Liposomal Bcl-2 antisense oligonucleotides enhance proliferation, sensitize acute myeloid leukemia to cytosine-arabinoside, and induce apoptosis independent of other antiapoptotic proteins

Abstract

AbstractThe antiapoptotic proteins, Bcl-2 and Bcl-XL, are expressed in most cases of acute myeloid leukemia (AML) and may contribute to drug resistance in AML. We tested the hypothesis that down-regulation of Bcl-2 alone by antisense oligodeoxynucleotides (Bcl-2-AS) induces apoptosis, even in the presence of other antiapoptotic genes. We tested Bcl-2-AS in myeloid leukemic HL-60 cells, in Bcl-2 and Bcl-XL overexpressing HL-60-DOX cells, and in primary AML samples. Down-regulation of Bcl-2 by Bcl-2-AS reduced the viability of HL-60 cells and, less effectively, HL-60-DOX cells and increased ara-C cytotoxicity in both cell lines. Incubation of primary AML blasts with Bcl-2-AS decreased Bcl-2 expression in CD34+ blast cells after induction of apoptosis and enhancement of ara-C cytotoxicity in 11 of 19 primary AML samples. In 8 samples in which Bcl-2-AS did not induce apoptosis, baseline Bcl-2 levels were found to be strikingly high. The expression of other antiapoptotic proteins (Bcl-XL, Bag-1, A1, and Mcl-1) did not prevent Bcl-2-AS–induced apoptosis.
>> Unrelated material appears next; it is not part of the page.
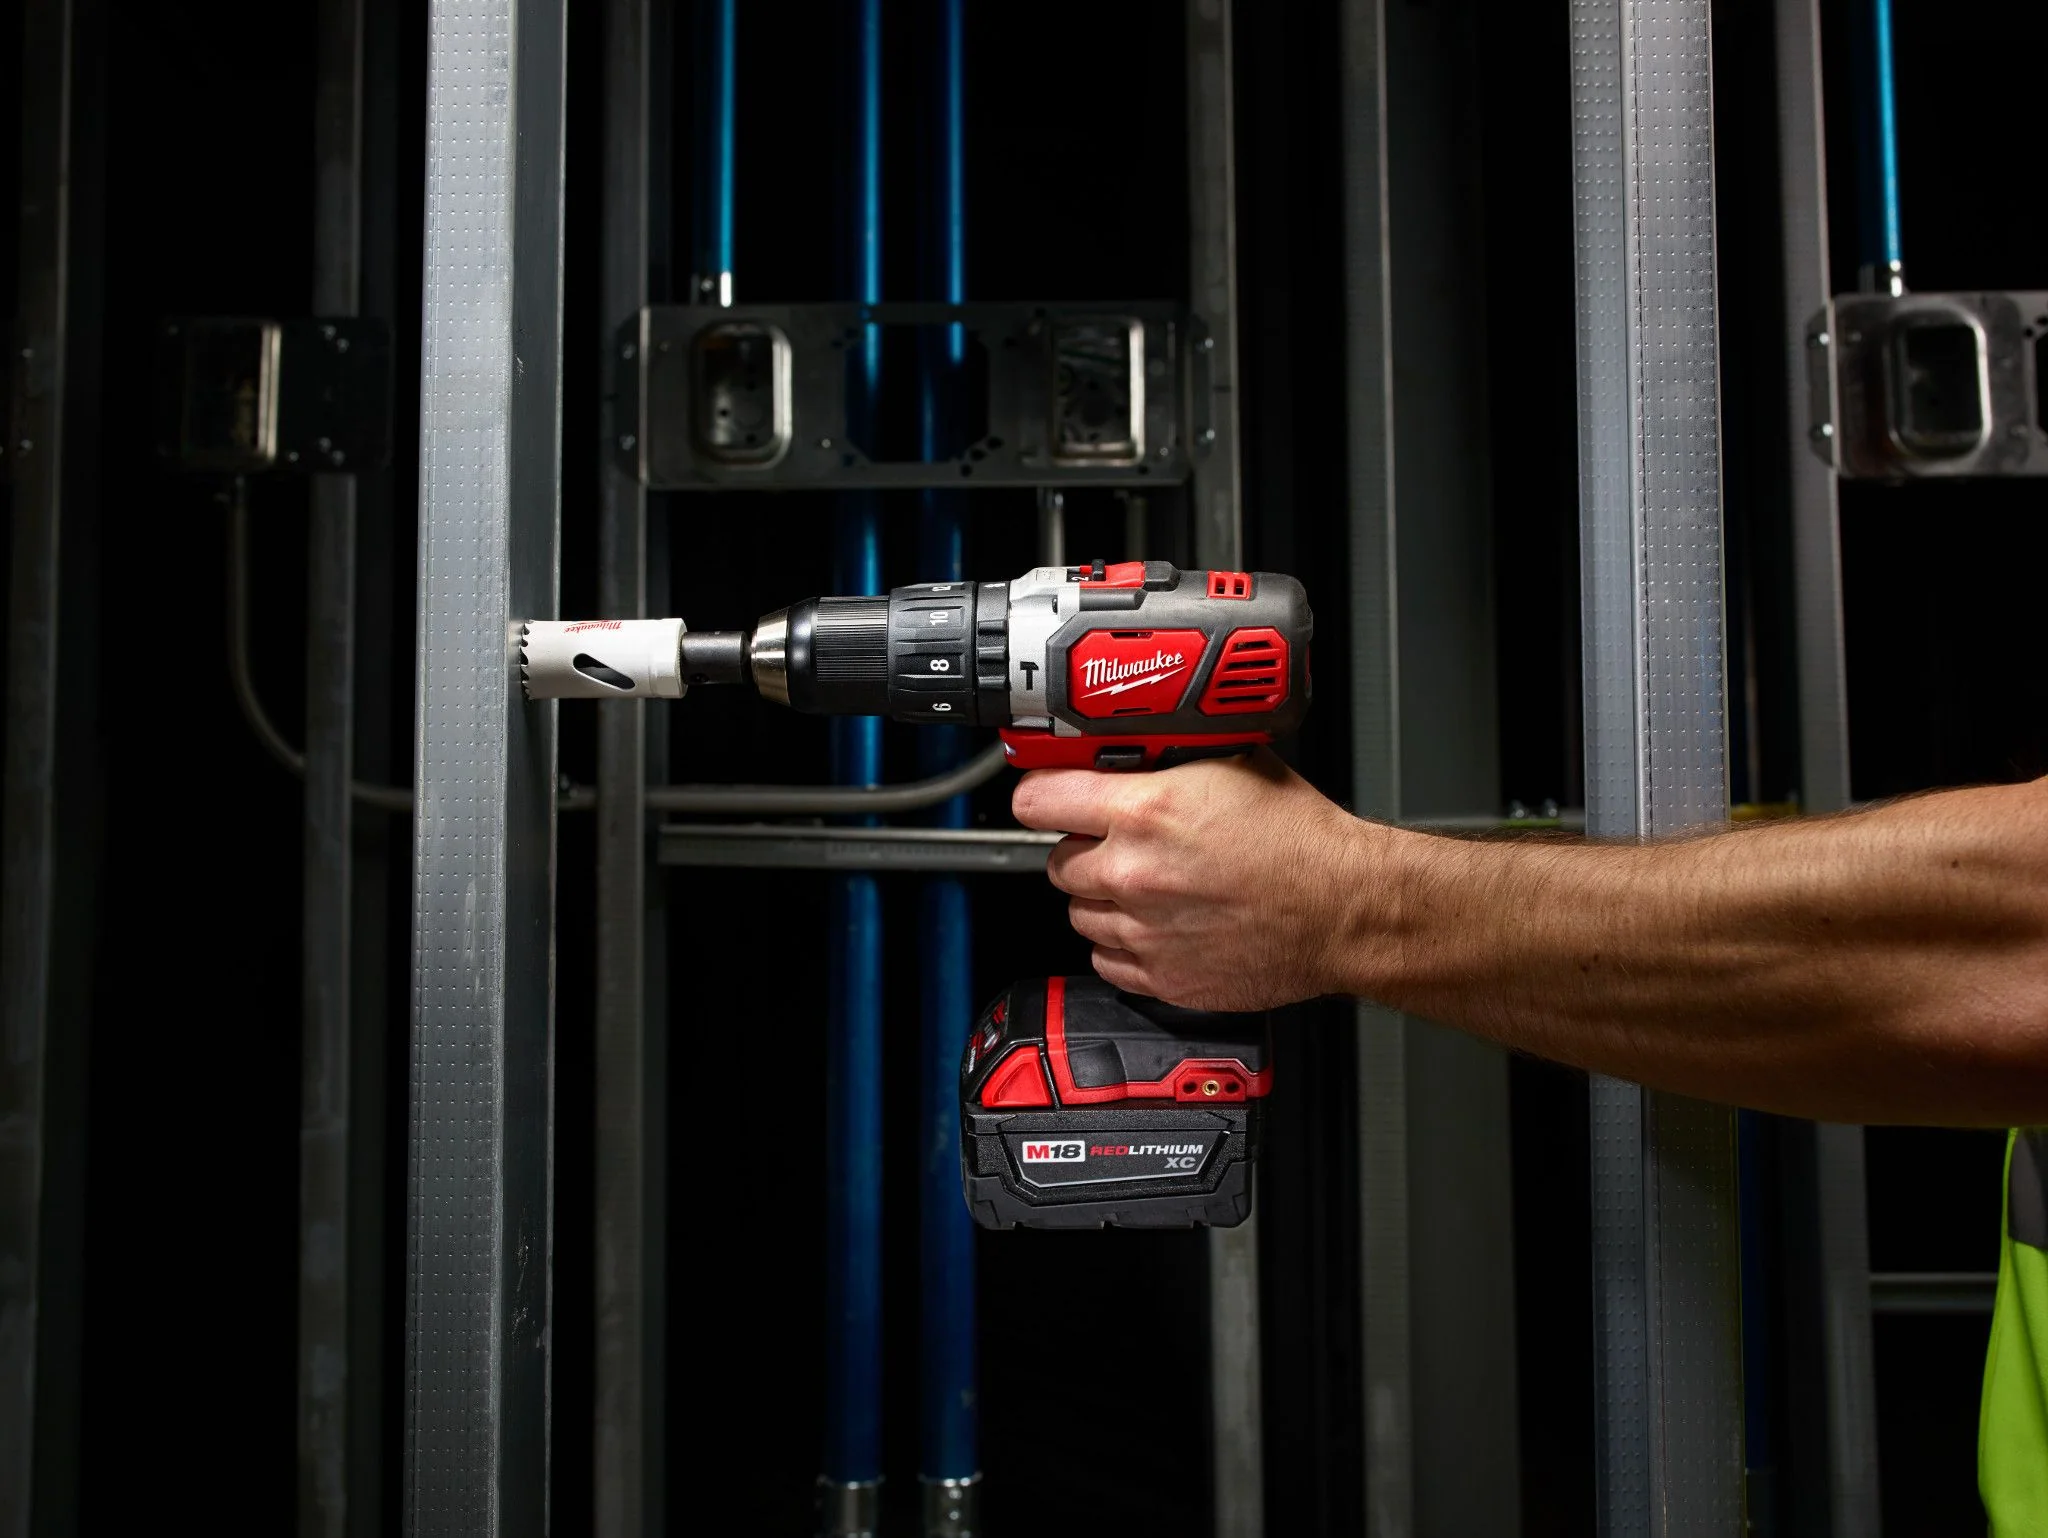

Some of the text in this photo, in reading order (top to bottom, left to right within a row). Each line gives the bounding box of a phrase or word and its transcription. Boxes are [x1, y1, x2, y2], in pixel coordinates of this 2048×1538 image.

Bcl-2-AS also inhibited colony formation of AML progenitor cells. Low concentrations of Bcl-2-AS induced significant increases in S-phase cells (P = .04). Results establish Bcl-2 as a critical target for AS strategies in AML in which the baseline levels predict response to Bcl-2-AS. Bcl-2 exerts both antiapoptotic and antiproliferative functions in AML. Because early normal hematopoietic stem cells do not express Bcl-2, Bcl-2-AS therapy should be highly selective for AML cells.